* Exercise prompt:
All of the entries below need repeating exactly, apart from their images.

* Record excerpts:
=== Begin Enclosure ===
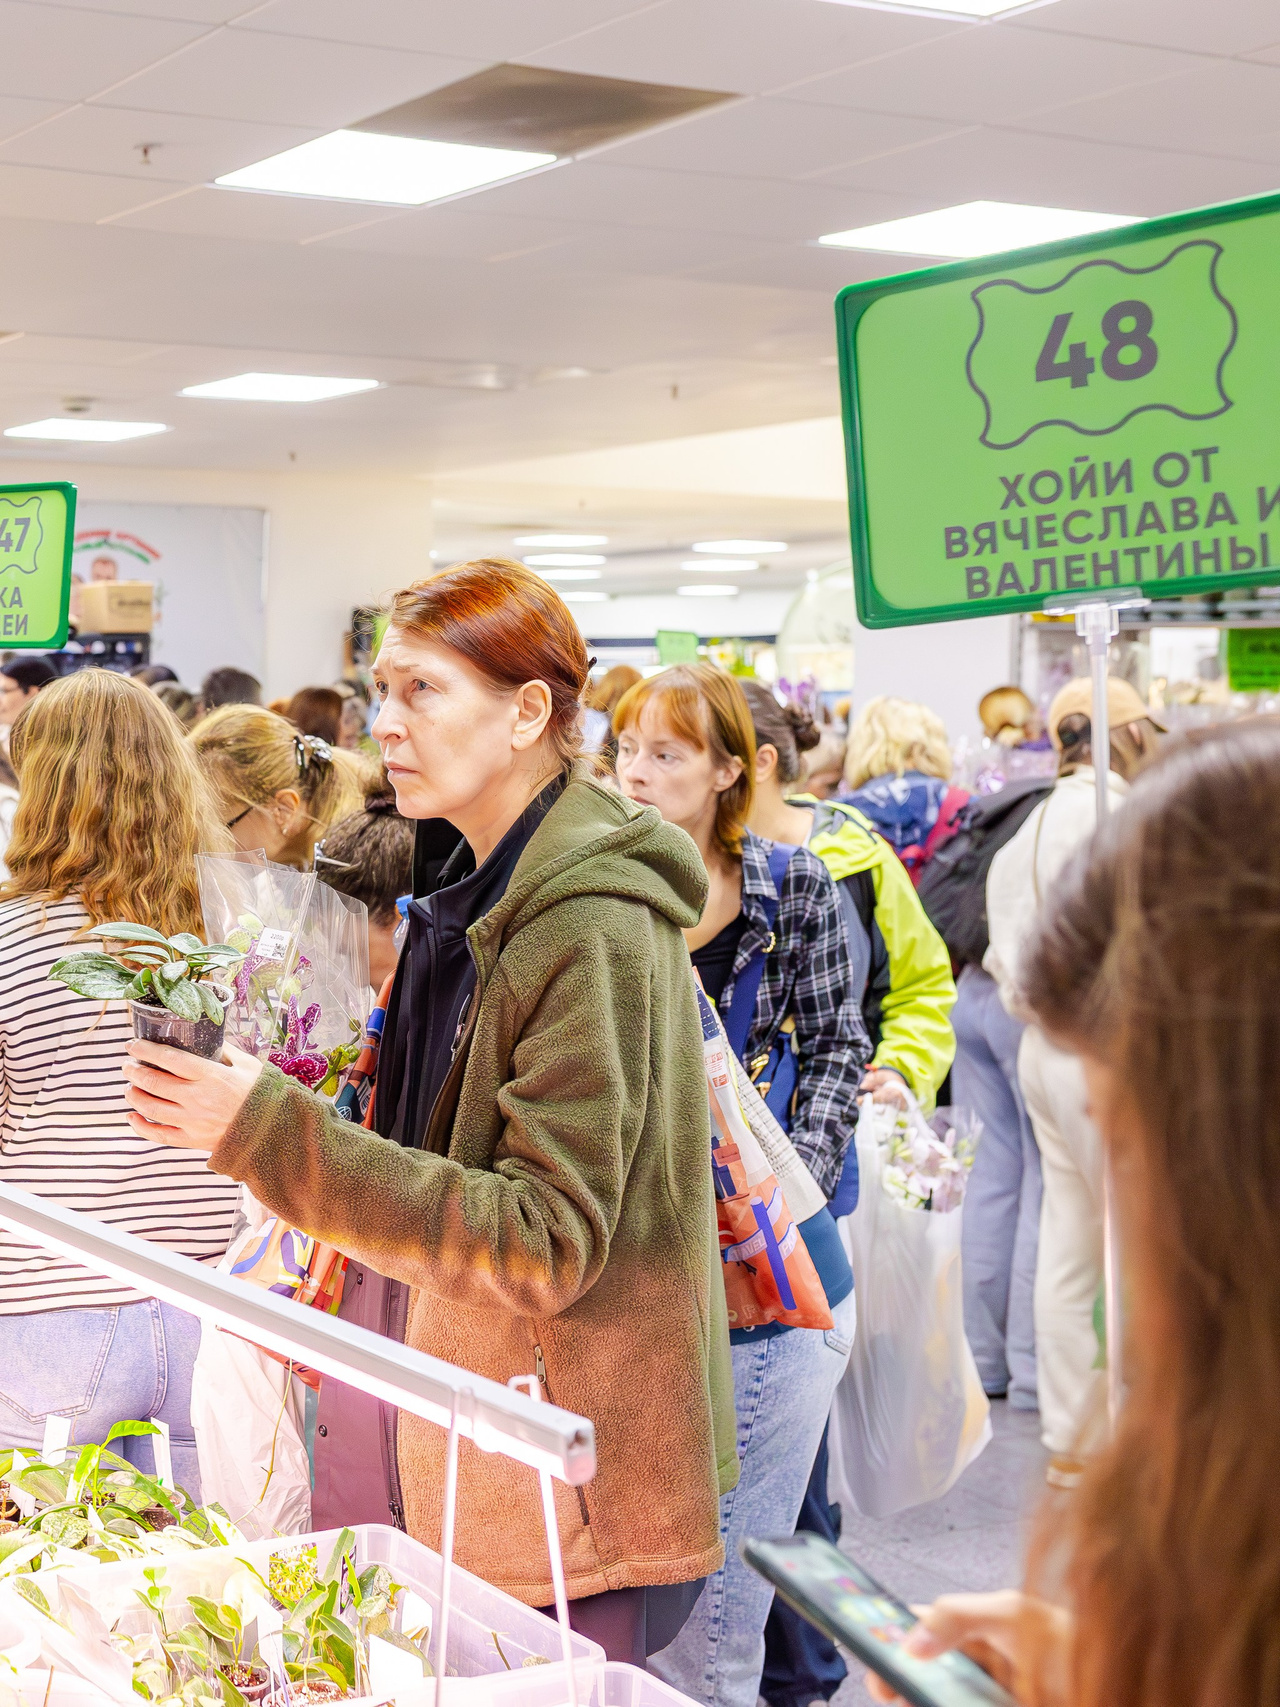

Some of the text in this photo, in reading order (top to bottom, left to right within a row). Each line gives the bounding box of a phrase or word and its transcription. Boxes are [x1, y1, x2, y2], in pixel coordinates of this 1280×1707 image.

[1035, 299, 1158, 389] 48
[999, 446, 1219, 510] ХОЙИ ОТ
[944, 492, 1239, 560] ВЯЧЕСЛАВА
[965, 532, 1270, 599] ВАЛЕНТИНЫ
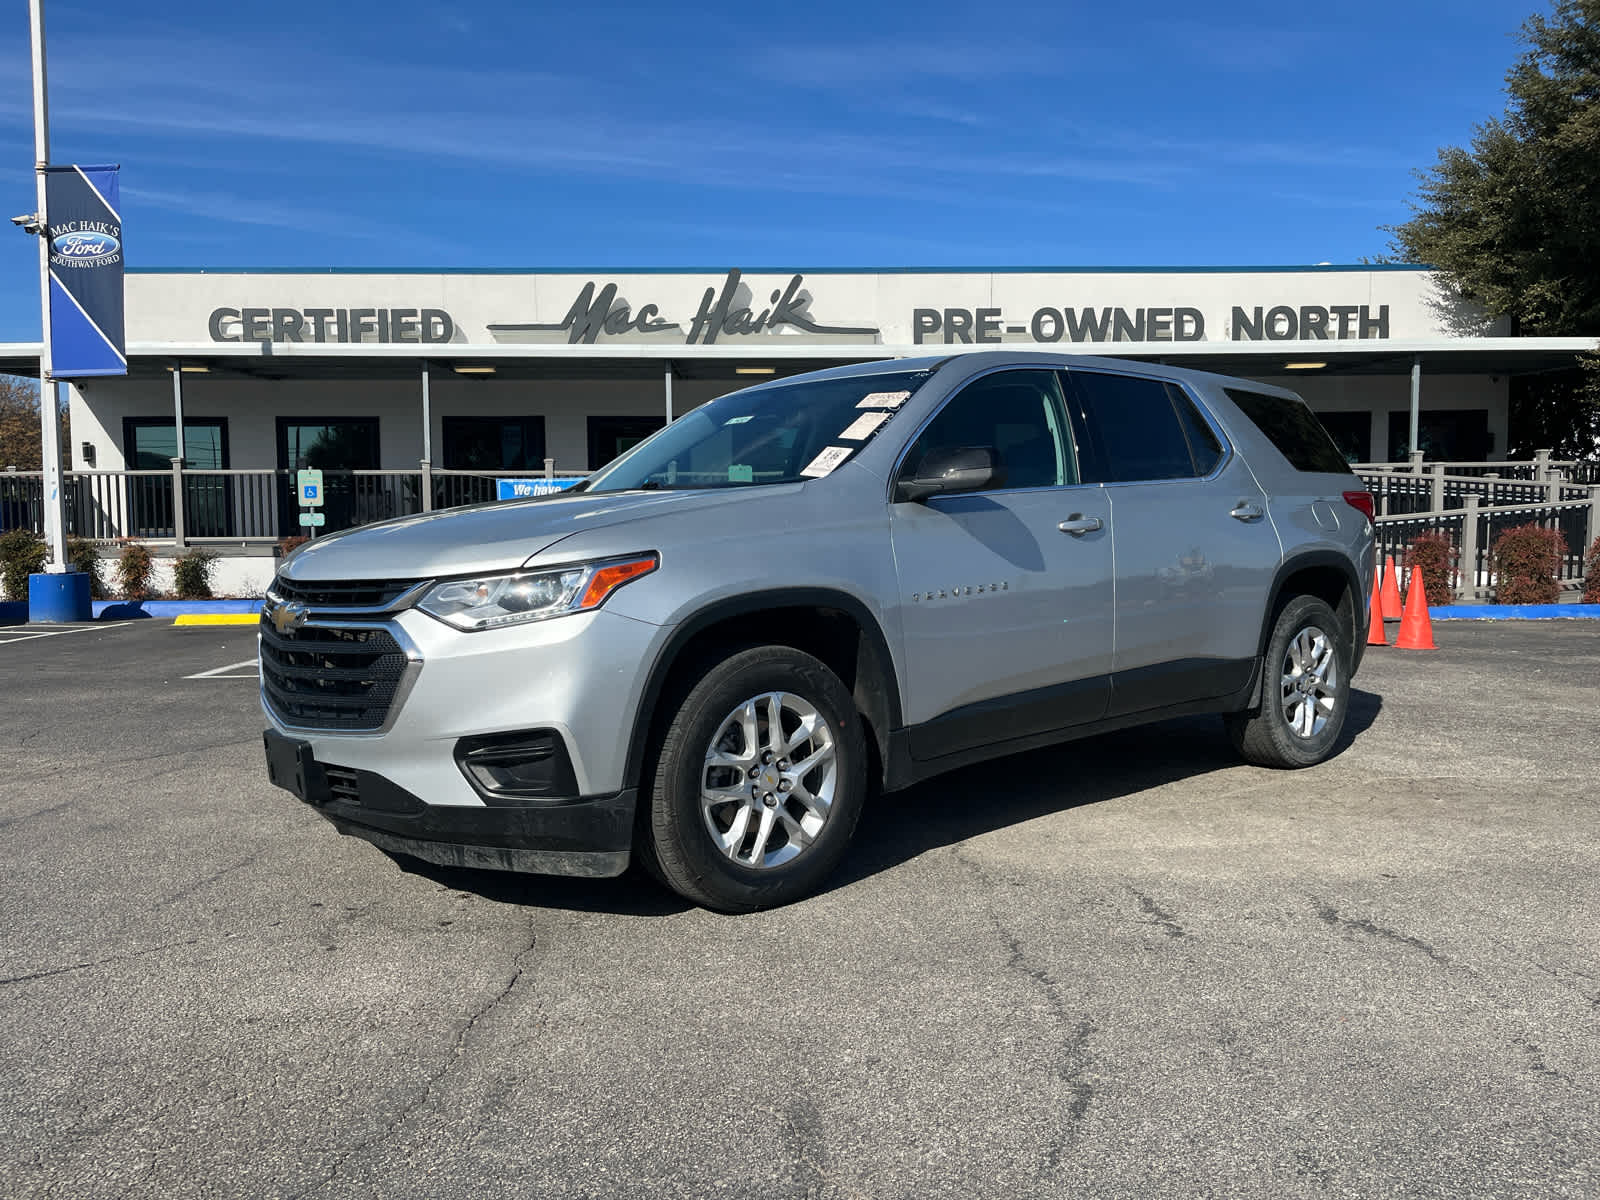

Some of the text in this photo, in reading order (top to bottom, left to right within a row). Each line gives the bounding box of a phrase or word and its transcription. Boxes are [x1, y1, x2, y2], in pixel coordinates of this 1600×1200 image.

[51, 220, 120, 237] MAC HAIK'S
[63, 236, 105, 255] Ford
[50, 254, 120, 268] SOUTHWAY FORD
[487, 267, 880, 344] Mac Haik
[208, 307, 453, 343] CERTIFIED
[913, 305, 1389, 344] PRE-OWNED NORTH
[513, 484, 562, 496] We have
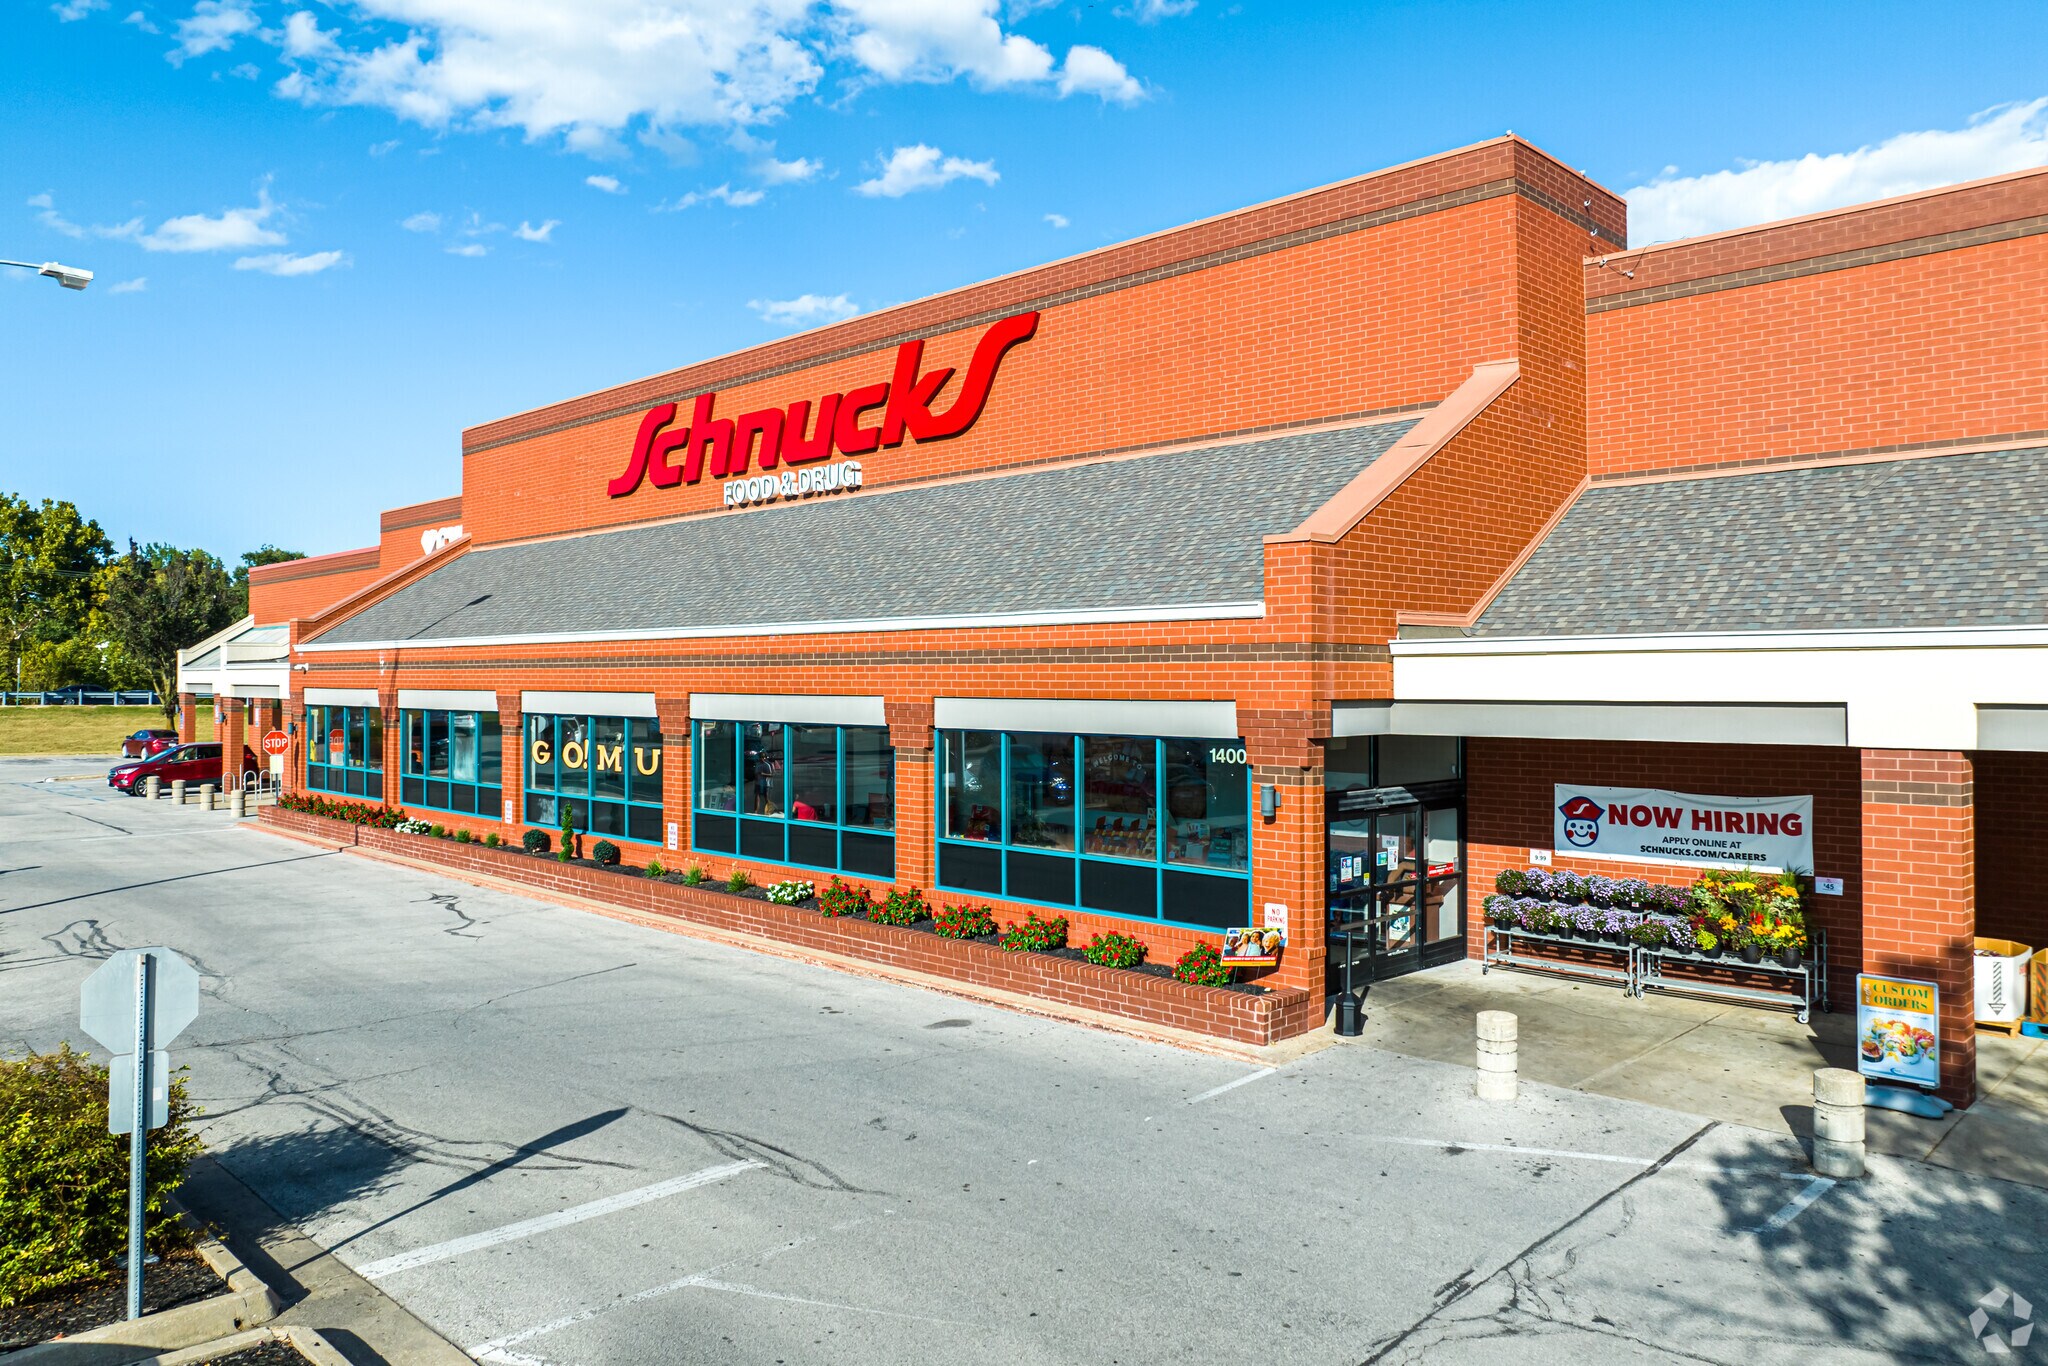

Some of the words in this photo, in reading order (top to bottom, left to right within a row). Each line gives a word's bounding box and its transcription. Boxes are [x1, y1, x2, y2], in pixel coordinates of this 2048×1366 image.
=== End Enclosure ===
* The completed task:
Some of the text in this photo, in reading order (top to bottom, left to right within a row). Each line gives the bounding box of a phrase or word and its transcription. Boxes are [x1, y1, x2, y2], in pixel coordinates of this 1280×1707 image.

[1035, 299, 1158, 389] 48
[999, 446, 1219, 510] ХОЙИ ОТ
[944, 492, 1239, 560] ВЯЧЕСЛАВА
[965, 532, 1270, 599] ВАЛЕНТИНЫ

Some of the text in this photo, in reading order (top to bottom, left to right within a row). Each line gives the bounding box of a phrase or word and its transcription. Boxes are [x1, y1, x2, y2], in pixel coordinates of this 1600×1200 image.

[51, 220, 120, 237] MAC HAIK'S
[63, 236, 105, 255] Ford
[50, 254, 120, 268] SOUTHWAY FORD
[487, 267, 880, 344] Mac Haik
[208, 307, 453, 343] CERTIFIED
[913, 305, 1389, 344] PRE-OWNED NORTH
[513, 484, 562, 496] We have

Some of the words in this photo, in reading order (top to bottom, left to right within a row). Each line gives a word's bounding box and its transcription. Boxes are [x1, y1, x2, y2], in pixel coordinates of this 2048×1366 image.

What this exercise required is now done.